Things began to fall into place after that. Phillips came back and wanted to do a deal. WebTV hired a consultant who was a personal friend of the CEO for Sony and he revived talks with them to determine why the deal had fallen through. Sony immediately dispatched their CTO to the WebTV offices and suddenly they had to scramble to get the unit in a working condition. The way they developed they had to compile a build and the version they had was completely untested at the time. With only 2 1/2 hrs until the Sony CTO landed they had no choice but to roll the dice with the version they had and hope it worked. Fortunately it happened to be a good build and the demo went off flawlessly. It earned them a subsequent demo with the CEO of Sony and they won him over by doing some last-minute development to make a version of WebTV that could display Japanese web pages.

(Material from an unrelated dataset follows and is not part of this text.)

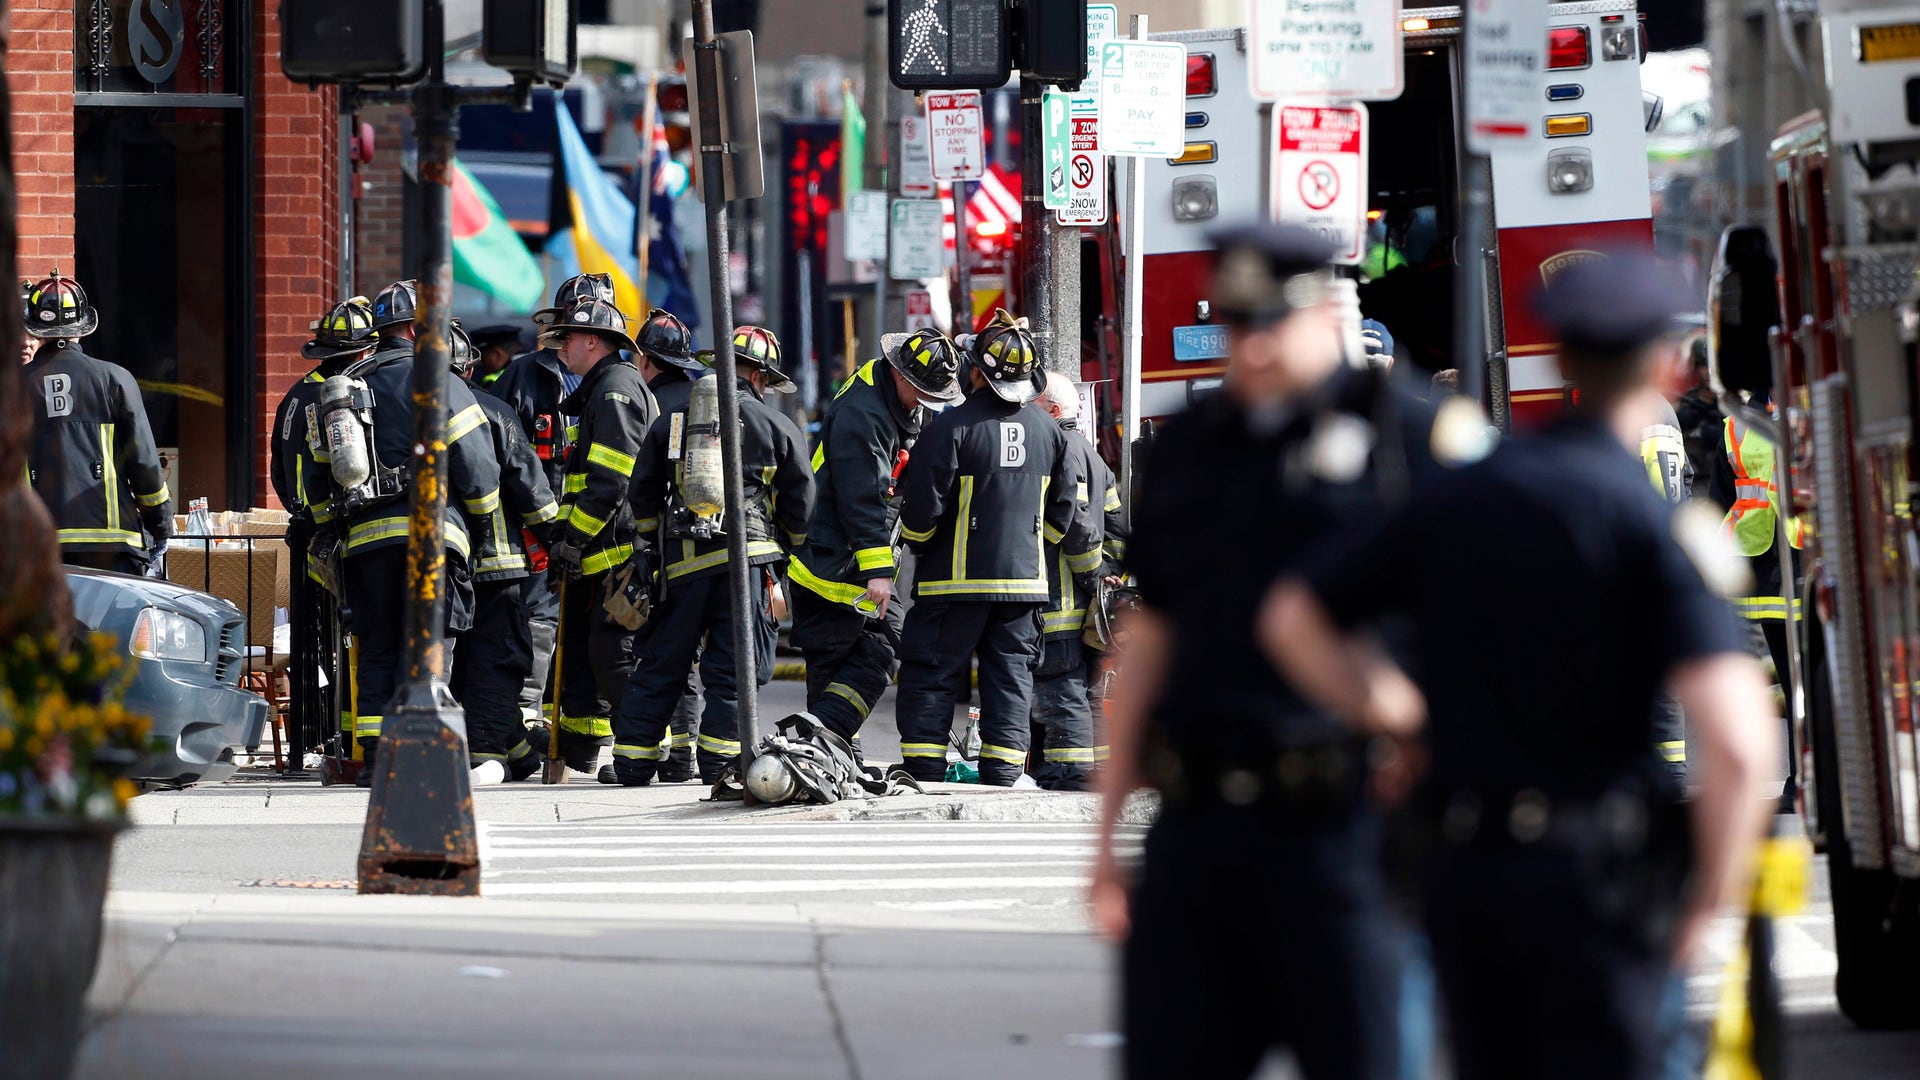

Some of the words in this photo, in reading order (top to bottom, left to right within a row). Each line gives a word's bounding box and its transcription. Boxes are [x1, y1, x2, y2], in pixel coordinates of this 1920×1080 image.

They inked a deal with Sony but couldn’t promise exclusivity because they were already working with Philips. So the situation actually worked in their favor in the end giving them distribution through two powerful electronics manufacturers. They went back and raised a series C round for $35MM and cranked out a product. Nearly one year to the day of their first angel investment they were selling a working product. The WebTV product solved network challenges of having presence of a local ISP in every city, translating the http content to a format that was viewable on a smaller screen, making an interface that catered to non-technical users and fixing the video signal to display properly on a TV - there was a ton of technical magic that went into delivering the experience.

Politics

In April of 1997 Microsoft acquired WebTV for $425MM in cash and stock. It was arguably a defensive play to ensure that nobody else cornered the market on the living room web surfing experience. They mandated some asinine decisions about not supporting competing technologies like Java and Real Player. Perlman was focused on providing the optimal experience to the end user and found himself against a wall facing idiotic defensive technology decisions from MS. Perlman said, “I began to get to know the other top executives at Microsoft, they were talking about negotiating this and that funding, and cutting back products to the point where they no longer made sense. I said, ‘Look, can’t we all agree on what is the right objective for the whole company and then fund that? I don’t care if it’s in your group or my group or whatever, but we should do the right thing.’ It didn’t work that way and, of course, any big company is like this. People have certain things that they control. That’s why there’s politics in large companies.”

On perseverance

Like every one of the FAW stories, Perlman’s team went through a tunnel of extreme adversity and ultimately emerged triumphant on the other side with a popular product. When asked what he could attribute their perseverance to he explained that the core trio of founders in the company held it together. “The key thing about Phil and Bruce is that they had hearts of gold. They were nice people. They were not in it to get rich. I mean, money certainly is freedom. But they both had a vision of creating something great that people would love. That attitude from the three of us permeated the rest of the organization…And through those really difficult things that I told you about, where we were running out of money, when we got the certified letter of rejection from Sony- all those different things I think would have easily knocked over a weaker triad.”

The WebTV company was profitable in its eighteenth month and subsequently every month ever since. It is now known as MSNTV and has grossed over $1.3BN in it’s eight year lifespan.